Secrets Left to Post: 02 pages, 029 secrets from Secret Submission Post #465.
Secrets Not Posted: [ 0 - broken links ], [ 0 - not!secrets ], [ 0 - not!fandom ], [ 0 - too big ], [ 0 - repeat ].
Current Secret Submissions Post: here.
Suggestions, comments, and concerns should go here.

Re: Long post

(Anonymous) 2015-12-02 06:34 am (UTC)(link)
No, it was nothing like that. No romantic entanglement. I...abandoned him when he needed me, when I could easily have been there for him. His mental health was in a massive downward spiral at the time, so maybe he wouldn't have reacted the same way if it had happened a few months earlier, but the way the circumstances lined up...well, he felt betrayed, and even now that he's doing a little bit better, the strength of how he felt at the time left a heavy mark on his thoughts about me, and, I believe, his thoughts about getting close to people in general.

Maybe it doesn't sound like a good reason to those who don't know him; his life story justifies his thought process, but it's not my story to tell.

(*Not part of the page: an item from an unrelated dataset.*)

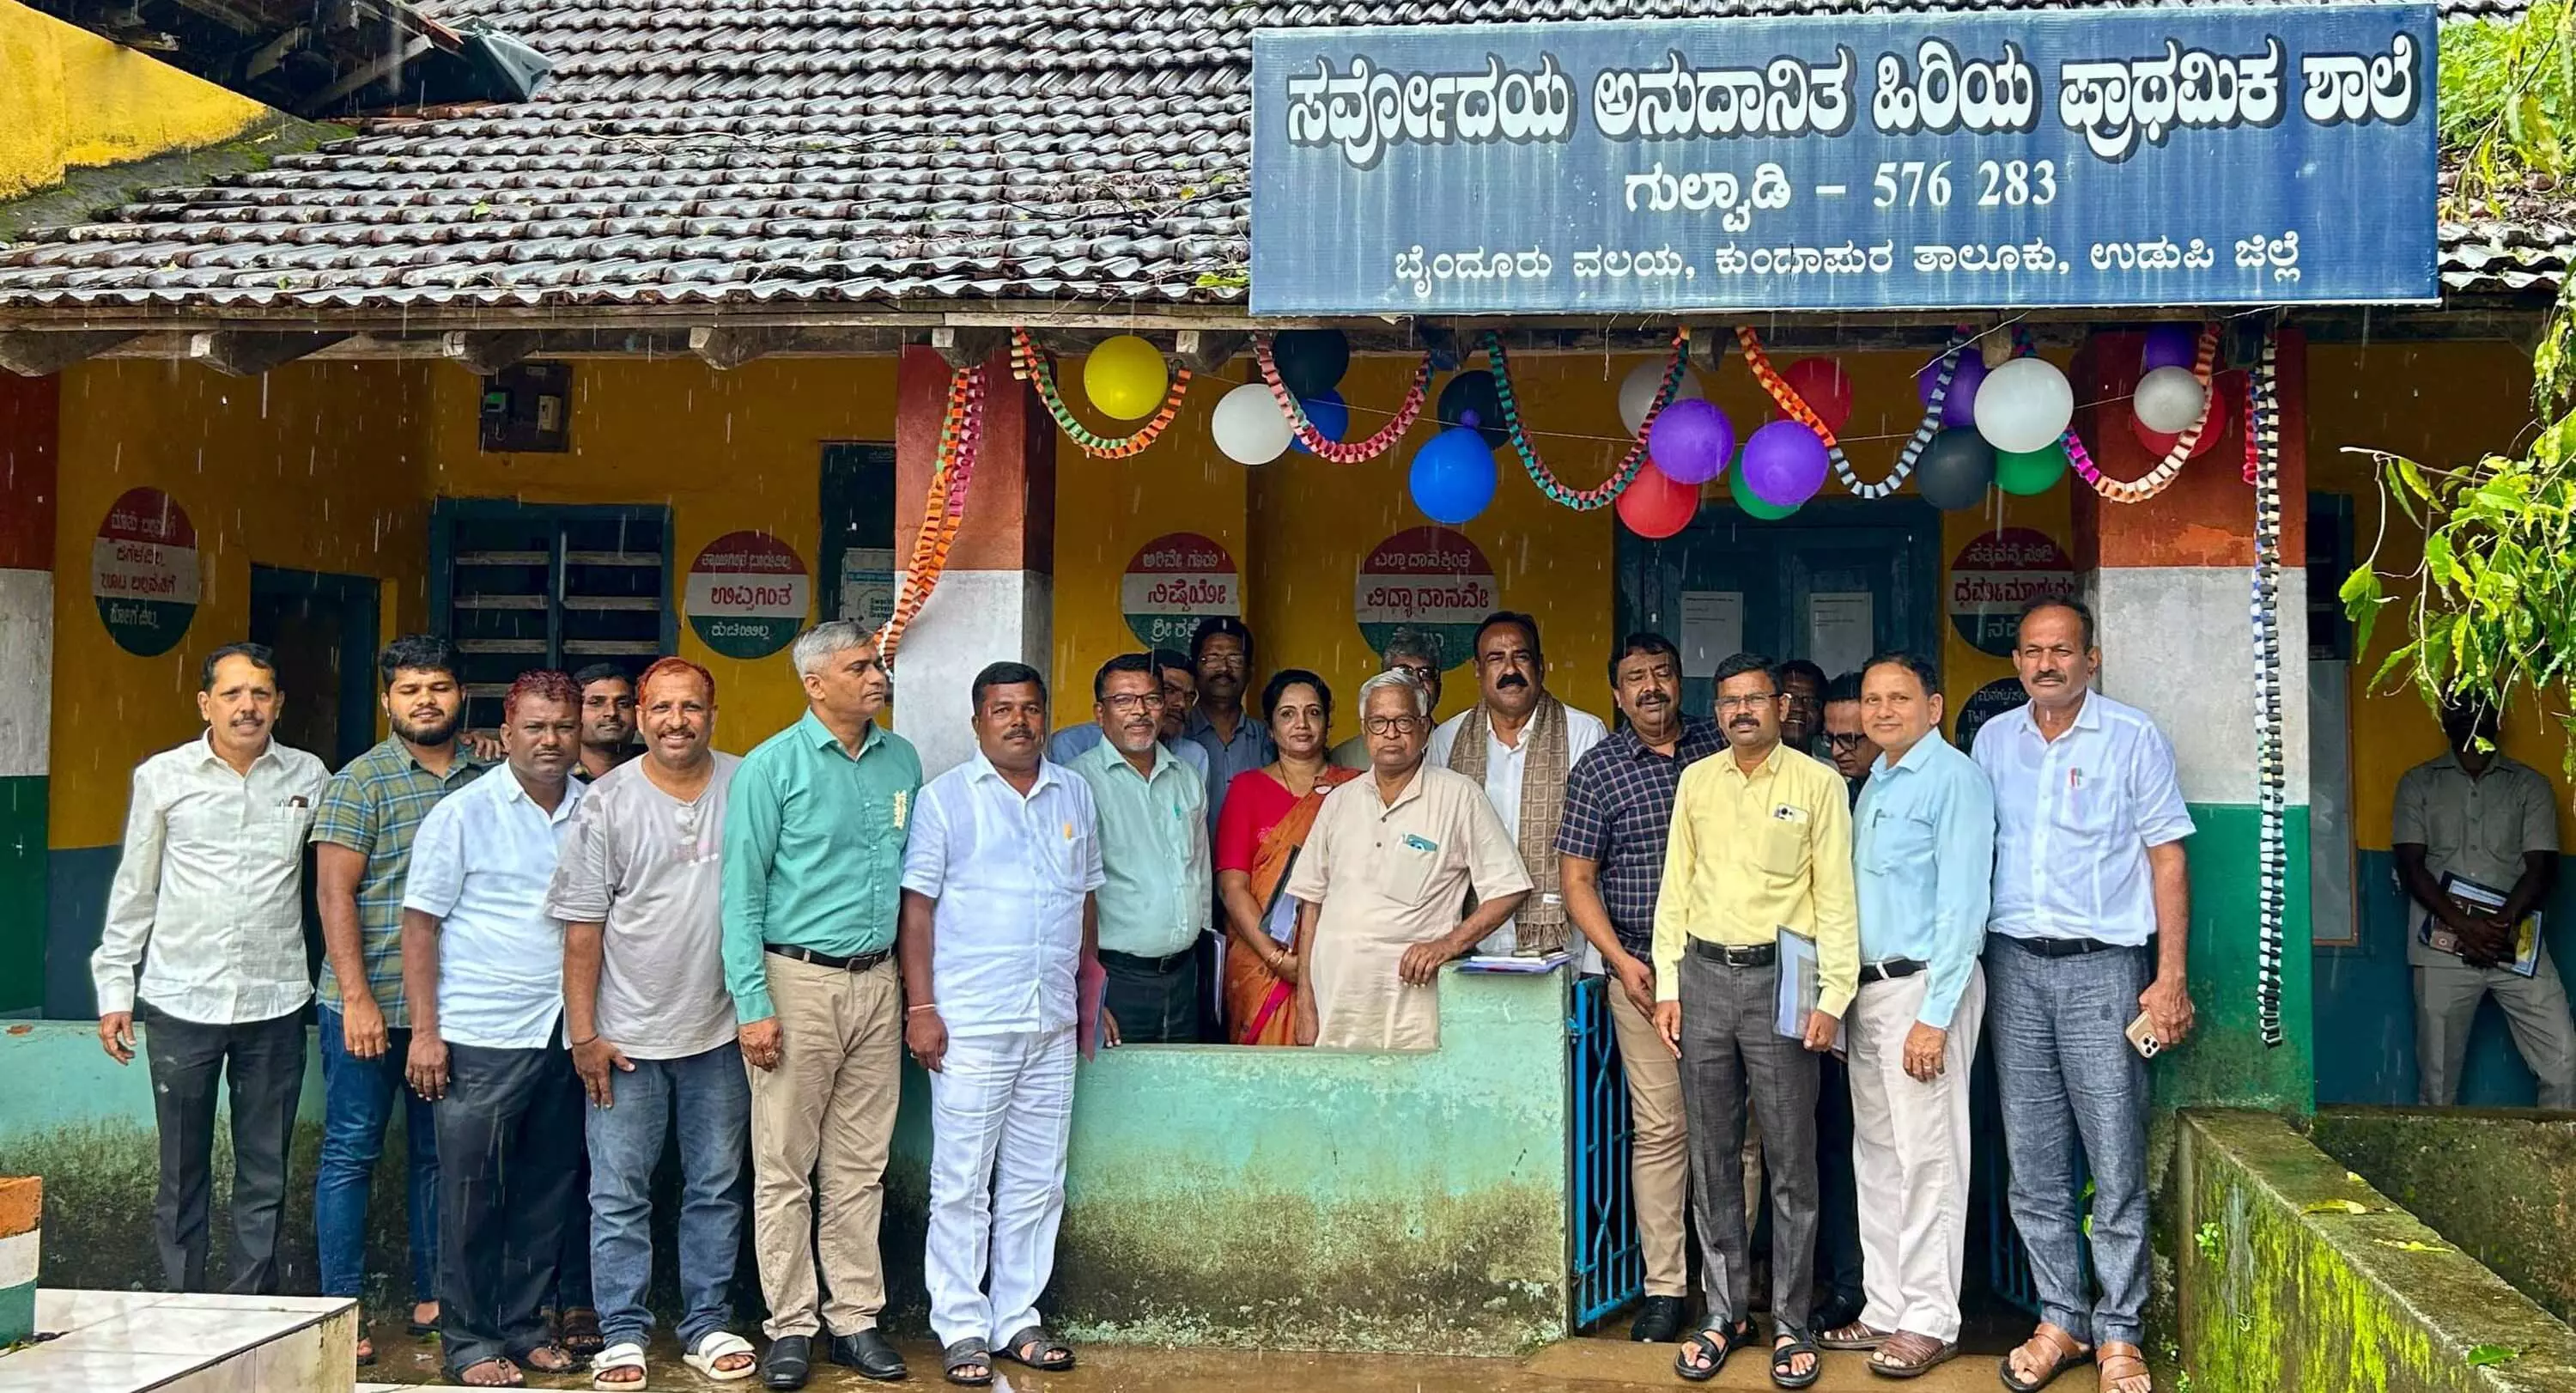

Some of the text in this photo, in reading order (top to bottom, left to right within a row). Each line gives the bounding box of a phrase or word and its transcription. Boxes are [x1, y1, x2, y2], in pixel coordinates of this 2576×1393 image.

If nothing else, though, I respect his feelings and his decisions. I just regret that it happened, and that I made the mistake in the first place, no matter what else was in play at the time. It hurts to no end to imagine the rest of my life without him, but if he feels safer or happier without me in his life, I'm not going to push, beyond letting him know I'm sorry and that I'll always be there if his mind changes.

Re: Long post

(Anonymous) 2015-12-02 07:50 am (UTC)(link)
OP again. Clarification: I feel I unintentionally implied that I think what I did wasn't bad and that he took it out of proportion. That isn't how I feel. When I said it might not sound like a good reason, I was referring to the exact action, which...I didn't actually reveal, because I felt the gist of it was enough, and the details would only detract from the crime. I'm a bit used to defending his response when talking to those who do know the details and think it a petty thing, so...I got defensive when it didn't make sense to do so, at the expense of expressing the remorse I feel.

Also, nothing wrong with curiosity.

Re: Long post

(Anonymous) 2015-12-02 08:57 am (UTC)(link)
AYRT

Okay, this is weird. I may have had a similar experience a couple of years ago, I kid you not. Except I wasn't in love with my friend, so it was infinitely easier for me. We were pretty close though.

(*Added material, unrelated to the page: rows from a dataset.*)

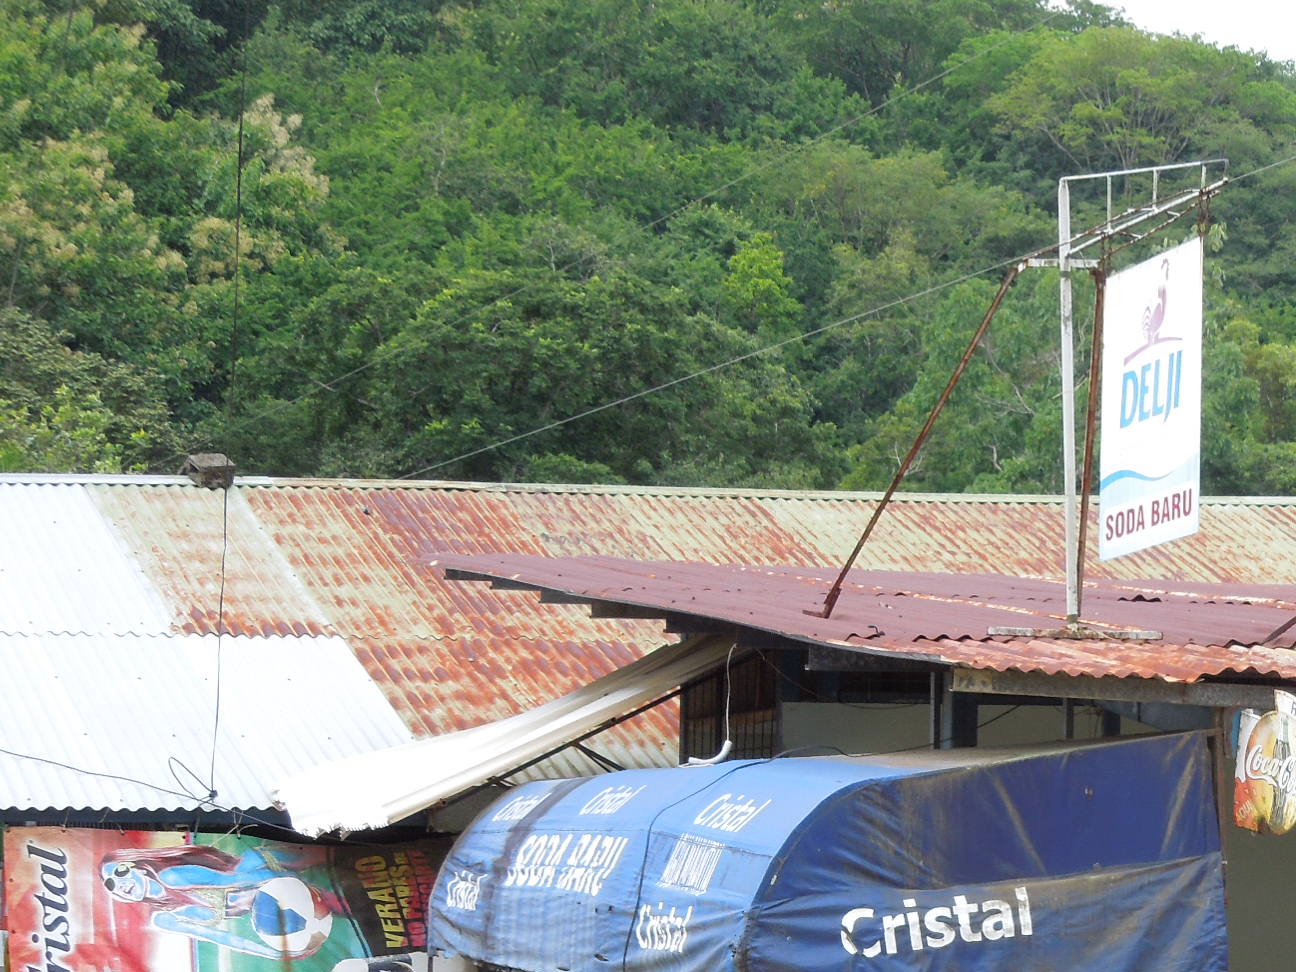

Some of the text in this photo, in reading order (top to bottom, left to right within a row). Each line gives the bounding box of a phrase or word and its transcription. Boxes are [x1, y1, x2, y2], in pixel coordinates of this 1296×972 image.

[1119, 349, 1183, 429] DELJI
[1105, 488, 1192, 541] SODA BARU
[694, 794, 772, 833] Cristal
[354, 855, 409, 948] VERANO
[841, 887, 1033, 958] Cristal
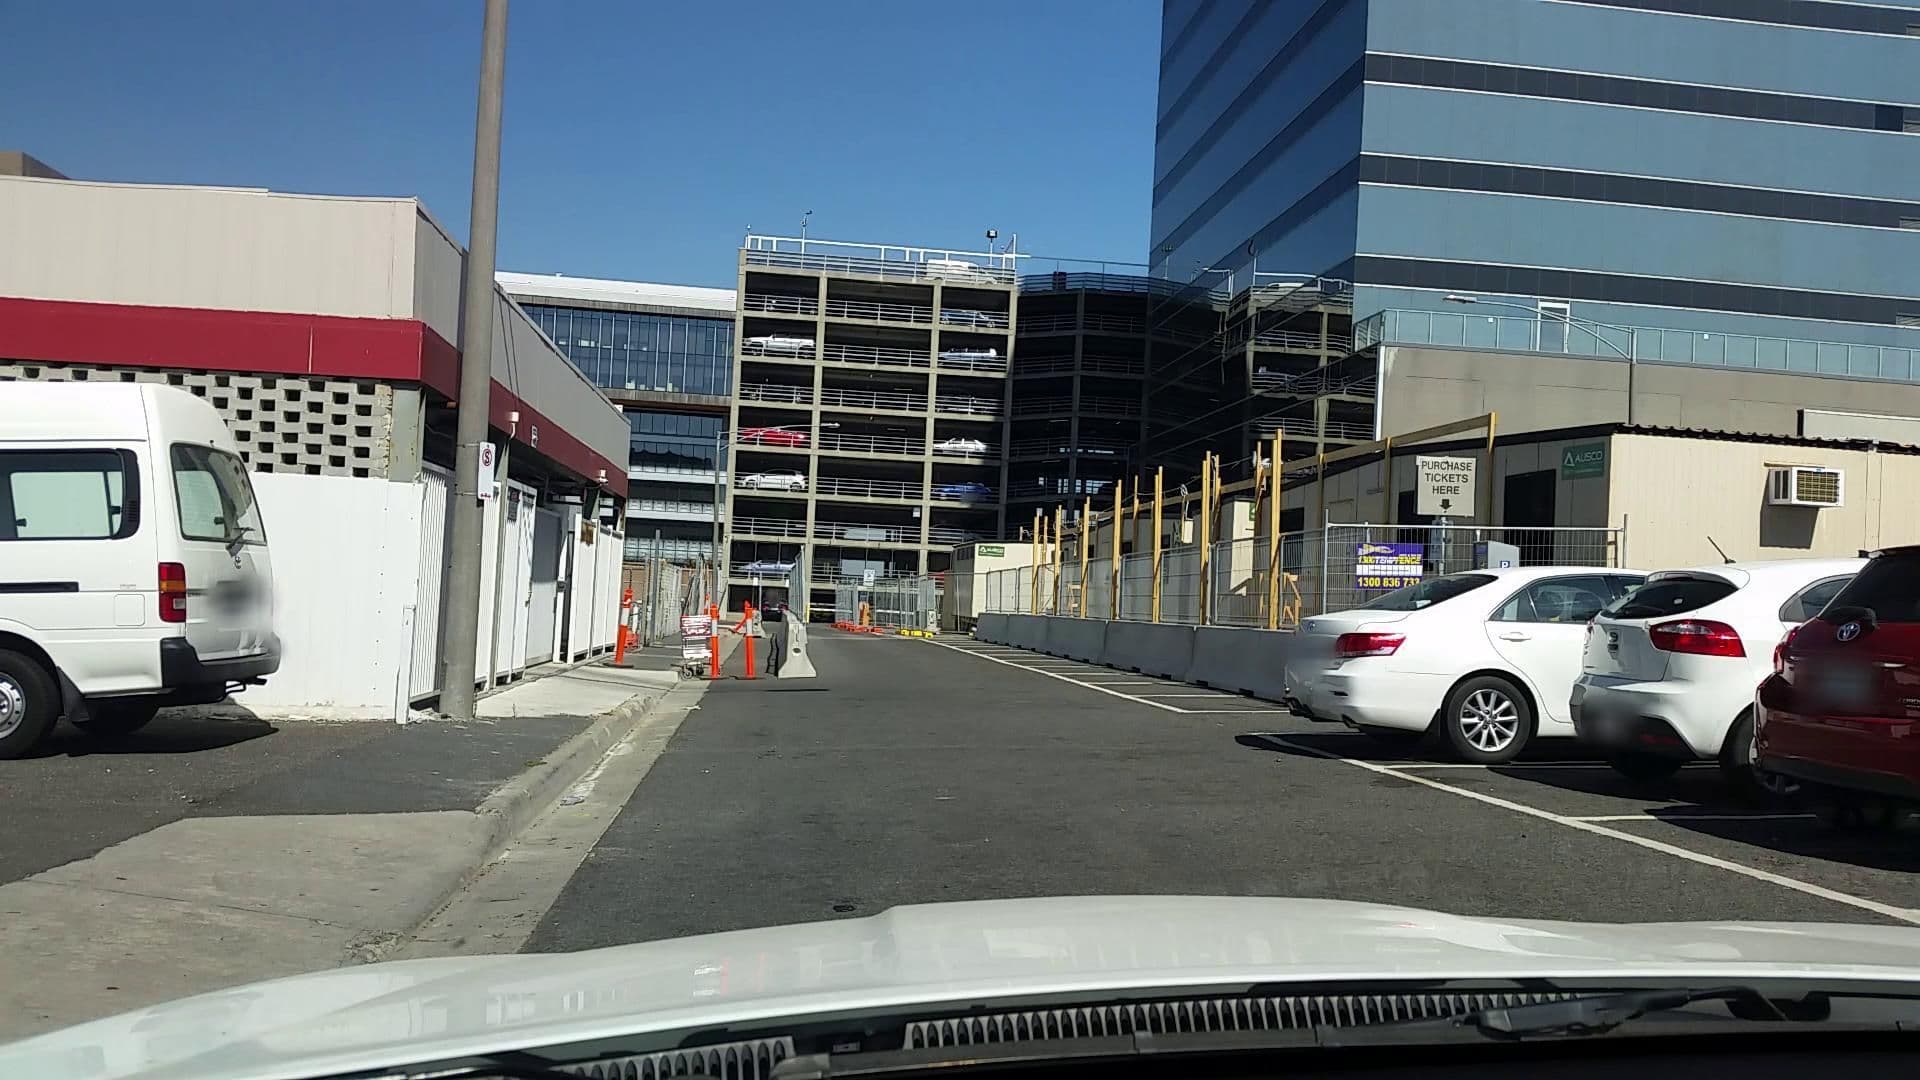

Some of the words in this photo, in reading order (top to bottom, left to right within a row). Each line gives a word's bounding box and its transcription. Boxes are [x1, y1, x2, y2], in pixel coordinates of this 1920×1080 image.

[1421, 460, 1473, 471] PURCHASE
[1424, 472, 1469, 483] TICKETS
[1432, 485, 1461, 495] HERE
[1358, 576, 1380, 588] 1300
[1382, 576, 1401, 588] 836

In my case my friend had been immensely depressed and anxious, possibly grappling with an undiagnosed personality disorder, and edging on suicidal for a couple of years before we split. She was a genuinely good, extremely caring person, and I tried to be supportive for a long time, but eventually I couldn't keep saying the same useless things without feeling like I was just feeding into her mental illness and validating the way it was making her see things. So I told her I needed some time, and I cut off communication with her for a month, assuring her I would be coming back and that I hoped she would feel better. But when I came back she felt abandoned and judged and wasn't willing to be friends anymore.

The thing is: I was a bit judgmental. I'd gotten tired of hearing about how much she hated herself, and hated life, and how the world sucked; and of watching how that mentality fed back into itself forever. I suspect I was more insensitive towards my friend than you were towards yours by a fair bit.

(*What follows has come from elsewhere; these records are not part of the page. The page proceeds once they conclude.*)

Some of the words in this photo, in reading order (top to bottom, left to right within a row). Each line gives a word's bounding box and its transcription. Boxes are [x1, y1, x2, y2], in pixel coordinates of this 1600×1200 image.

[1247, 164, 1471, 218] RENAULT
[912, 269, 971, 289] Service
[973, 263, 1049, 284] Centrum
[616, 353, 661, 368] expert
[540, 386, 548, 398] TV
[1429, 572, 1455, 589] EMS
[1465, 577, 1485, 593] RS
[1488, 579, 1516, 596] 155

Now, when you say you "abandoned" your friend, I don't know if this is what you mean; that you weren't there for him when his mental health crisis was going down. But I suspect that his mental healthy crisis probably had a lot to do with why you did whatever you did, because frankly, extreme mental healthy issues have a way of getting the better of every single person in their vicinity. And in all likelihood, the fact that your friend can't see past whatever you did, to the deeply caring friend you obviously are, suggests his mental health issues are still getting the better of him.

I'm not saying your friend is a jerk or anything like that. I'm saying it seems pretty likely your friend isn't making his interpersonal decisions from a very emotionally or psychologically balanced place right now, and that his refusal to reconcile with you is probably more to do with that, than to do with whatever you actually did.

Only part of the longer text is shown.